In particolare, la flagship Luigi Rizzo ha svolto un intenso programma di esercitazioni in mare sia con unità mercantili del cluster marittimo nazionale, sia con unità delle altre marine alleate inserite nello Standing Nato Maritime Group 2 (SNMG2) o integrate nei Carrier Strike Group della marina statunitense e francese operanti nel bacino mediterraneo e, non ultimo, con una fregata della marina turca, così da assicurare importanti attività di Key Leader Engagement sia in mare che in porto.

Non è mancata infatti l’attività di Naval Diplomacy in occasione delle soste a Souda (Creta) e Alessandria d’Egitto o quelle a Mersin (Turchia) e a Limassol (Cipro), di non recentissima frequente gravitazione per le unità navali italiane, durante le quali l’ammiraglio Petroni accompagnato dal comandante di Nave Rizzo e da una delegazione dell’equipaggio della flagship ha avuto modo di incontrare numerose importanti autorità locali militari e civili, oltre alle delegazioni diplomatiche italiane e di altri Paesi presenti sul territorio. Non è inoltre mancata l’opportunità per rendere omaggio ai caduti d’oltremare in terra straniera come in occasione della visita al Sacrario Militare di El Alamein.

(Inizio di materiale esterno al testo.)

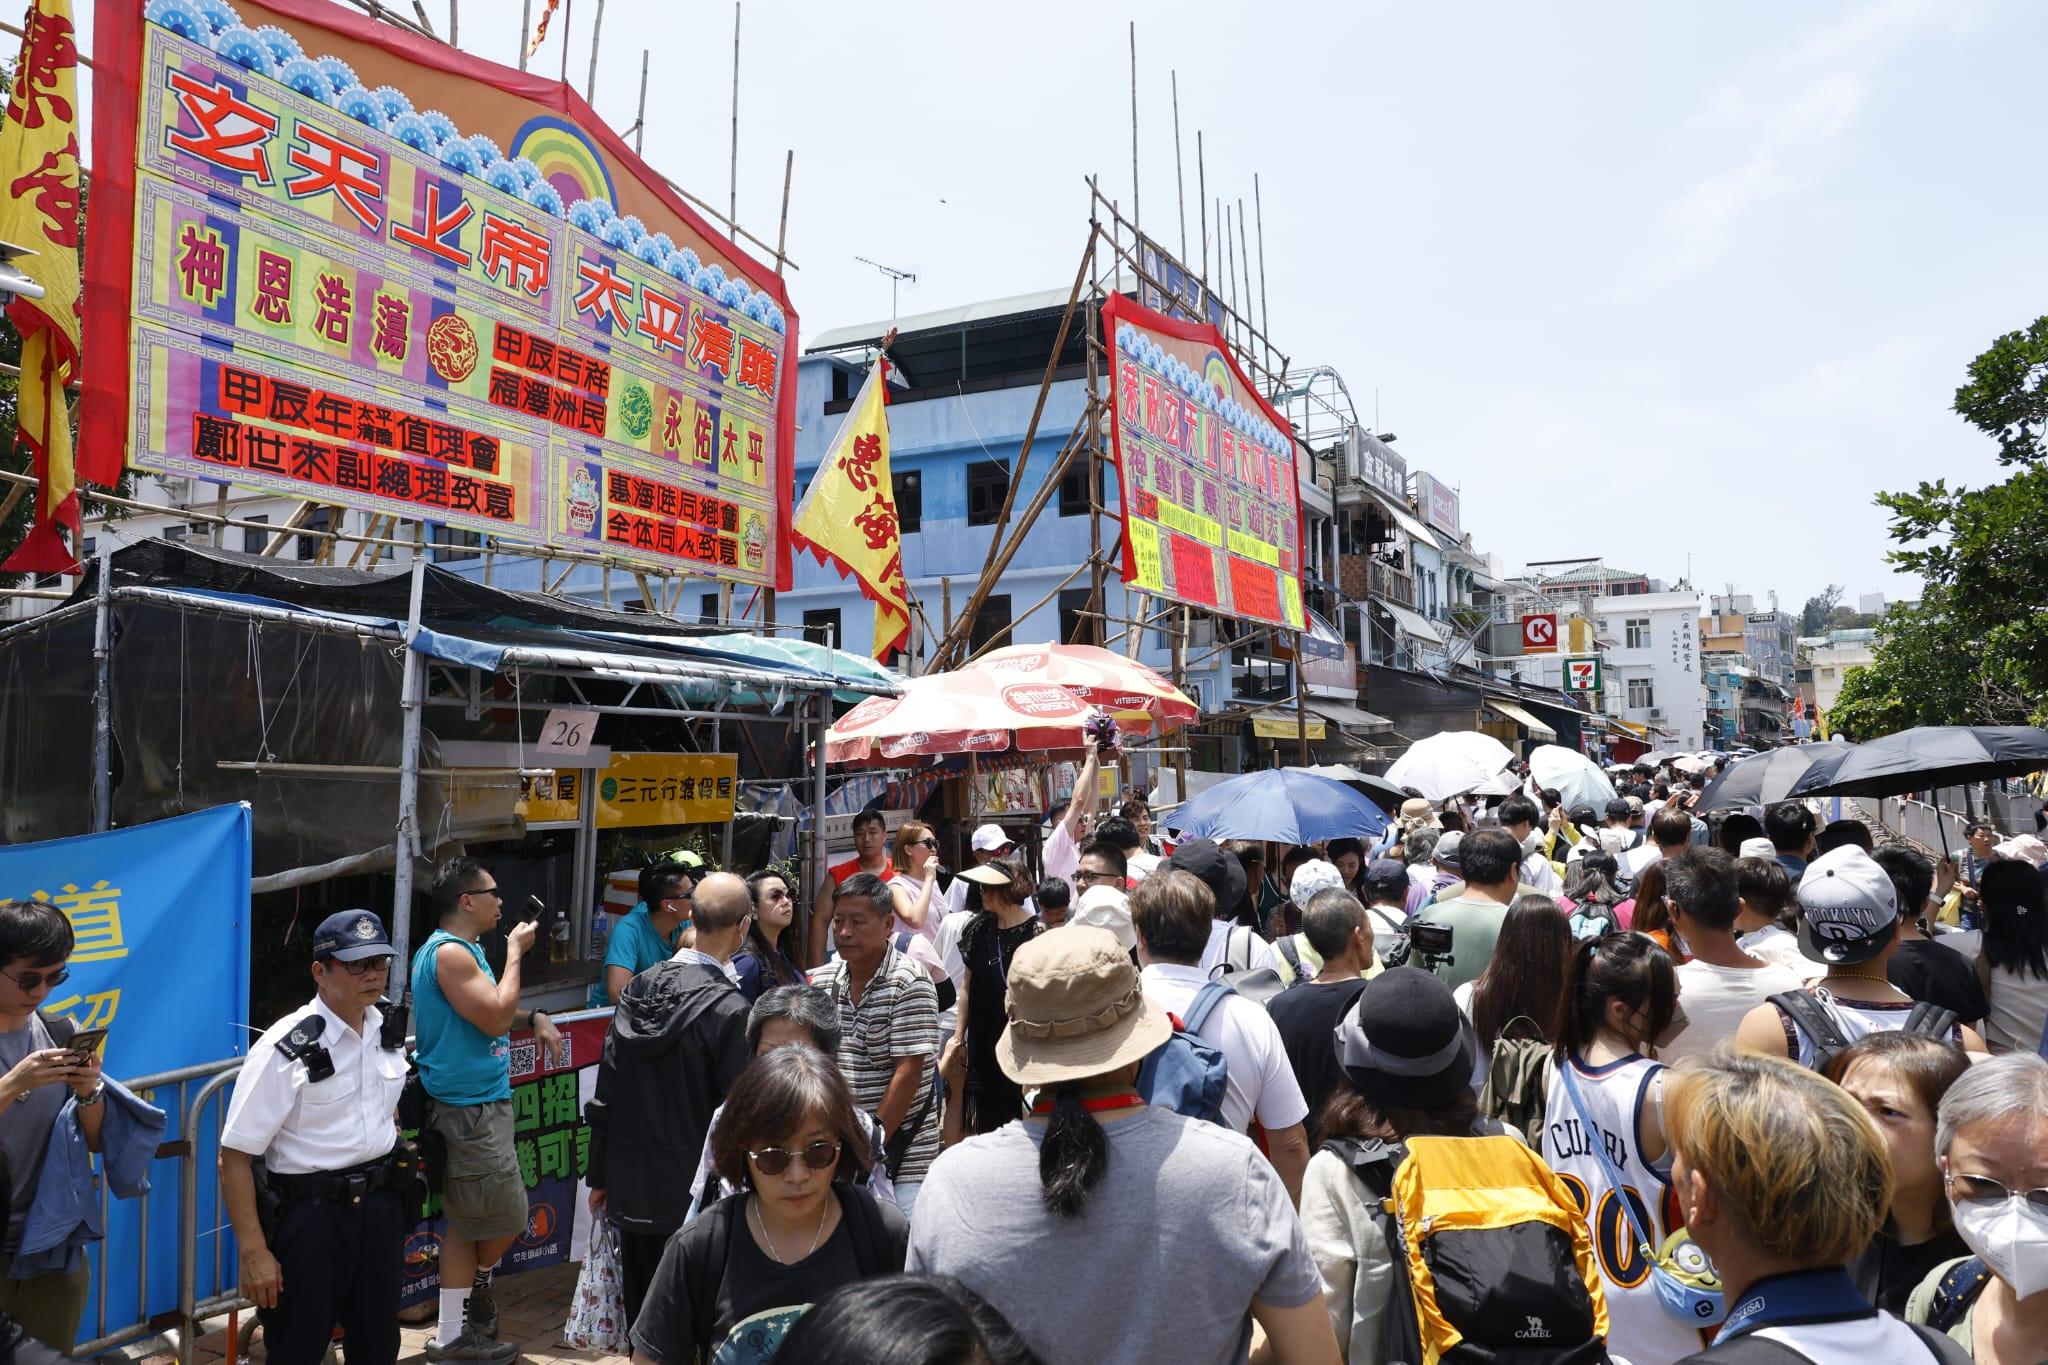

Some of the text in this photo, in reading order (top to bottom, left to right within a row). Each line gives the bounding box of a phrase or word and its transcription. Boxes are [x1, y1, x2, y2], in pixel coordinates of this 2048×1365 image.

Le operazioni di sorveglianza marittima, nell’ambito dell’operazione Fondali Sicuri, hanno avuto un’importanza strategica grazie soprattutto all’impiego di Nave Viareggio e delle unità MHC che hanno costantemente effettuato attività di monitoraggio subacqueo e di superficie lungo le principali pipeline energetiche e infrastrutture nazionali.

Da bordo della fregata Alpino, che subentra come nuova flagship alla pari classe Luigi Rizzo, che il contrammiraglio Manganaro continuerà a coadiuvare con il suo staff gli assetti della squadra navale sul solco di quanto già assicurato dall’ammiraglio Petroni e da tutti i suoi predecessori.